» WORK TO COMPLETE
Every record shown here needs to be repeated exactly.

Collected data

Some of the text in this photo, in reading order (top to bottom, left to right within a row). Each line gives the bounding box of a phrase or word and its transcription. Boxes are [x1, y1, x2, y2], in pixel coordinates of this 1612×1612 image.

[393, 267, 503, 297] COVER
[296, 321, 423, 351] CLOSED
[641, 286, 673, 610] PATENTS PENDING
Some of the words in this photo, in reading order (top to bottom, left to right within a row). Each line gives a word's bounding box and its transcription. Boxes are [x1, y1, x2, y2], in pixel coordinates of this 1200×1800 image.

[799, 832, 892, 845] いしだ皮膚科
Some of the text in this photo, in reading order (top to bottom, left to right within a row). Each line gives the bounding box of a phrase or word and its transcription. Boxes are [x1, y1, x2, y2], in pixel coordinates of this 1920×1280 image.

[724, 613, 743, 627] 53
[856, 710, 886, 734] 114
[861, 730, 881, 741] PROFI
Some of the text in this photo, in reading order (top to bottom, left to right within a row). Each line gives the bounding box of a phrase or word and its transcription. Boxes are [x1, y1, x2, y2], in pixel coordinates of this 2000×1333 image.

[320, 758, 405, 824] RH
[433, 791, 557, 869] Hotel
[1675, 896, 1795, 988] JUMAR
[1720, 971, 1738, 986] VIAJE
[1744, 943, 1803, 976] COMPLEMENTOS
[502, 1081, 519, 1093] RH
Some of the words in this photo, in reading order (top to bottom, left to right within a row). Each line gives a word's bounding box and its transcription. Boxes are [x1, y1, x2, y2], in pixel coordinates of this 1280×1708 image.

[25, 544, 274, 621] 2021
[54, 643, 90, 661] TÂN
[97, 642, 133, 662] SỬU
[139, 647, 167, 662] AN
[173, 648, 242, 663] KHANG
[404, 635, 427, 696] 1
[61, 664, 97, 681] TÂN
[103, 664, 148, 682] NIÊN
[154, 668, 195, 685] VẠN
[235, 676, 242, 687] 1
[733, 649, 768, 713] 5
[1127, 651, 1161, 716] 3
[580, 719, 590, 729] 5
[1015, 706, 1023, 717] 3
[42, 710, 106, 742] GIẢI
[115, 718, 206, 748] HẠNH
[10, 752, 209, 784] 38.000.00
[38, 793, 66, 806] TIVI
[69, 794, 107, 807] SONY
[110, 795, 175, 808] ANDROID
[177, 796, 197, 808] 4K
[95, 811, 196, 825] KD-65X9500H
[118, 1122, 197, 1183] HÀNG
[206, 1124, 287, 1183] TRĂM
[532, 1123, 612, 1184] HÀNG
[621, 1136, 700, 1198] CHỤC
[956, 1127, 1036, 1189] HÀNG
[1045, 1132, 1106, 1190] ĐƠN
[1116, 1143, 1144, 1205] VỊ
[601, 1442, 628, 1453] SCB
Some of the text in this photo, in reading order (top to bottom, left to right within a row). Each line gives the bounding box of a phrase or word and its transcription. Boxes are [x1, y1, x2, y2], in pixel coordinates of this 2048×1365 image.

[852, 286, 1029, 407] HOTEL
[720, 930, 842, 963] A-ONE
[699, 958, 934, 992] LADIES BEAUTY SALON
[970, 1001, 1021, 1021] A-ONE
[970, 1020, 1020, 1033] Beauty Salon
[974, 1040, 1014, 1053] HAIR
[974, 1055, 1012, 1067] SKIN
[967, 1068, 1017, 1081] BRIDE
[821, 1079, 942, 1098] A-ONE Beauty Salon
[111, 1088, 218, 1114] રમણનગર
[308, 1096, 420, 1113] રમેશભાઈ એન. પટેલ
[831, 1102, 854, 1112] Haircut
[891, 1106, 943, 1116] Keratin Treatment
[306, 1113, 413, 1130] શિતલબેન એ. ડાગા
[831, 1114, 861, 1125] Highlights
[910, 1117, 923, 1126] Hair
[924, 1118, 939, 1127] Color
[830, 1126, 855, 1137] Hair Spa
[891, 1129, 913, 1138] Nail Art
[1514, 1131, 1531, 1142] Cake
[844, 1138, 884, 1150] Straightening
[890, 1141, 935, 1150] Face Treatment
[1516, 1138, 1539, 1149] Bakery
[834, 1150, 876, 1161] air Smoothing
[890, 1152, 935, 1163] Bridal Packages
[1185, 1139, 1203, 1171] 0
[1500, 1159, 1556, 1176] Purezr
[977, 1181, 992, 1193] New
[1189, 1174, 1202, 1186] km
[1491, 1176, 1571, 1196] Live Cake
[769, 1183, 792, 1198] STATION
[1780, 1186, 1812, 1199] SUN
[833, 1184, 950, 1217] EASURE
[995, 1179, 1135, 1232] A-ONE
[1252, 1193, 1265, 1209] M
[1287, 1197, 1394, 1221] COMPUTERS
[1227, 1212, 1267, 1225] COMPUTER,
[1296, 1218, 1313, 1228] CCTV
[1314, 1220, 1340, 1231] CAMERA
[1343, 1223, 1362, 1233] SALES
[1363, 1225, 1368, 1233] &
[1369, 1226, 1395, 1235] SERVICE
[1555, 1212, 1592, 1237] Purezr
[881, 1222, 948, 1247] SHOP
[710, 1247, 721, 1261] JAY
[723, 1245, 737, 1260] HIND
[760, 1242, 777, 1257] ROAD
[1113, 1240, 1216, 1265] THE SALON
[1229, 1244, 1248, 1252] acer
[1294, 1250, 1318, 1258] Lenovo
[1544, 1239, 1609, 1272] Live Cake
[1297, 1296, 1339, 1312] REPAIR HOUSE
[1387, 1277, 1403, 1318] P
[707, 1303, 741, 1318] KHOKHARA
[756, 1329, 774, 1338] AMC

» ANSWER BOX
Some of the text in this photo, in reading order (top to bottom, left to right within a row). Each line gives the bounding box of a phrase or word and its transcription. Boxes are [x1, y1, x2, y2], in pixel coordinates of this 1612×1612 image.

[393, 267, 503, 297] COVER
[296, 321, 423, 351] CLOSED
[641, 286, 673, 610] PATENTS PENDING
Some of the words in this photo, in reading order (top to bottom, left to right within a row). Each line gives a word's bounding box and its transcription. Boxes are [x1, y1, x2, y2], in pixel coordinates of this 1200×1800 image.

[799, 832, 892, 845] いしだ皮膚科
Some of the text in this photo, in reading order (top to bottom, left to right within a row). Each line gives the bounding box of a phrase or word and its transcription. Boxes are [x1, y1, x2, y2], in pixel coordinates of this 1920×1280 image.

[724, 613, 743, 627] 53
[856, 710, 886, 734] 114
[861, 730, 881, 741] PROFI
Some of the text in this photo, in reading order (top to bottom, left to right within a row). Each line gives the bounding box of a phrase or word and its transcription. Boxes are [x1, y1, x2, y2], in pixel coordinates of this 2000×1333 image.

[320, 758, 405, 824] RH
[433, 791, 557, 869] Hotel
[1675, 896, 1795, 988] JUMAR
[1720, 971, 1738, 986] VIAJE
[1744, 943, 1803, 976] COMPLEMENTOS
[502, 1081, 519, 1093] RH
Some of the words in this photo, in reading order (top to bottom, left to right within a row). Each line gives a word's bounding box and its transcription. Boxes are [x1, y1, x2, y2], in pixel coordinates of this 1280×1708 image.

[25, 544, 274, 621] 2021
[54, 643, 90, 661] TÂN
[97, 642, 133, 662] SỬU
[139, 647, 167, 662] AN
[173, 648, 242, 663] KHANG
[404, 635, 427, 696] 1
[61, 664, 97, 681] TÂN
[103, 664, 148, 682] NIÊN
[154, 668, 195, 685] VẠN
[235, 676, 242, 687] 1
[733, 649, 768, 713] 5
[1127, 651, 1161, 716] 3
[580, 719, 590, 729] 5
[1015, 706, 1023, 717] 3
[42, 710, 106, 742] GIẢI
[115, 718, 206, 748] HẠNH
[10, 752, 209, 784] 38.000.00
[38, 793, 66, 806] TIVI
[69, 794, 107, 807] SONY
[110, 795, 175, 808] ANDROID
[177, 796, 197, 808] 4K
[95, 811, 196, 825] KD-65X9500H
[118, 1122, 197, 1183] HÀNG
[206, 1124, 287, 1183] TRĂM
[532, 1123, 612, 1184] HÀNG
[621, 1136, 700, 1198] CHỤC
[956, 1127, 1036, 1189] HÀNG
[1045, 1132, 1106, 1190] ĐƠN
[1116, 1143, 1144, 1205] VỊ
[601, 1442, 628, 1453] SCB
Some of the text in this photo, in reading order (top to bottom, left to right within a row). Each line gives the bounding box of a phrase or word and its transcription. Boxes are [x1, y1, x2, y2], in pixel coordinates of this 2048×1365 image.

[852, 286, 1029, 407] HOTEL
[720, 930, 842, 963] A-ONE
[699, 958, 934, 992] LADIES BEAUTY SALON
[970, 1001, 1021, 1021] A-ONE
[970, 1020, 1020, 1033] Beauty Salon
[974, 1040, 1014, 1053] HAIR
[974, 1055, 1012, 1067] SKIN
[967, 1068, 1017, 1081] BRIDE
[821, 1079, 942, 1098] A-ONE Beauty Salon
[111, 1088, 218, 1114] રમણનગર
[308, 1096, 420, 1113] રમેશભાઈ એન. પટેલ
[831, 1102, 854, 1112] Haircut
[891, 1106, 943, 1116] Keratin Treatment
[306, 1113, 413, 1130] શિતલબેન એ. ડાગા
[831, 1114, 861, 1125] Highlights
[910, 1117, 923, 1126] Hair
[924, 1118, 939, 1127] Color
[830, 1126, 855, 1137] Hair Spa
[891, 1129, 913, 1138] Nail Art
[1514, 1131, 1531, 1142] Cake
[844, 1138, 884, 1150] Straightening
[890, 1141, 935, 1150] Face Treatment
[1516, 1138, 1539, 1149] Bakery
[834, 1150, 876, 1161] air Smoothing
[890, 1152, 935, 1163] Bridal Packages
[1185, 1139, 1203, 1171] 0
[1500, 1159, 1556, 1176] Purezr
[977, 1181, 992, 1193] New
[1189, 1174, 1202, 1186] km
[1491, 1176, 1571, 1196] Live Cake
[769, 1183, 792, 1198] STATION
[1780, 1186, 1812, 1199] SUN
[833, 1184, 950, 1217] EASURE
[995, 1179, 1135, 1232] A-ONE
[1252, 1193, 1265, 1209] M
[1287, 1197, 1394, 1221] COMPUTERS
[1227, 1212, 1267, 1225] COMPUTER,
[1296, 1218, 1313, 1228] CCTV
[1314, 1220, 1340, 1231] CAMERA
[1343, 1223, 1362, 1233] SALES
[1363, 1225, 1368, 1233] &
[1369, 1226, 1395, 1235] SERVICE
[1555, 1212, 1592, 1237] Purezr
[881, 1222, 948, 1247] SHOP
[710, 1247, 721, 1261] JAY
[723, 1245, 737, 1260] HIND
[760, 1242, 777, 1257] ROAD
[1113, 1240, 1216, 1265] THE SALON
[1229, 1244, 1248, 1252] acer
[1294, 1250, 1318, 1258] Lenovo
[1544, 1239, 1609, 1272] Live Cake
[1297, 1296, 1339, 1312] REPAIR HOUSE
[1387, 1277, 1403, 1318] P
[707, 1303, 741, 1318] KHOKHARA
[756, 1329, 774, 1338] AMC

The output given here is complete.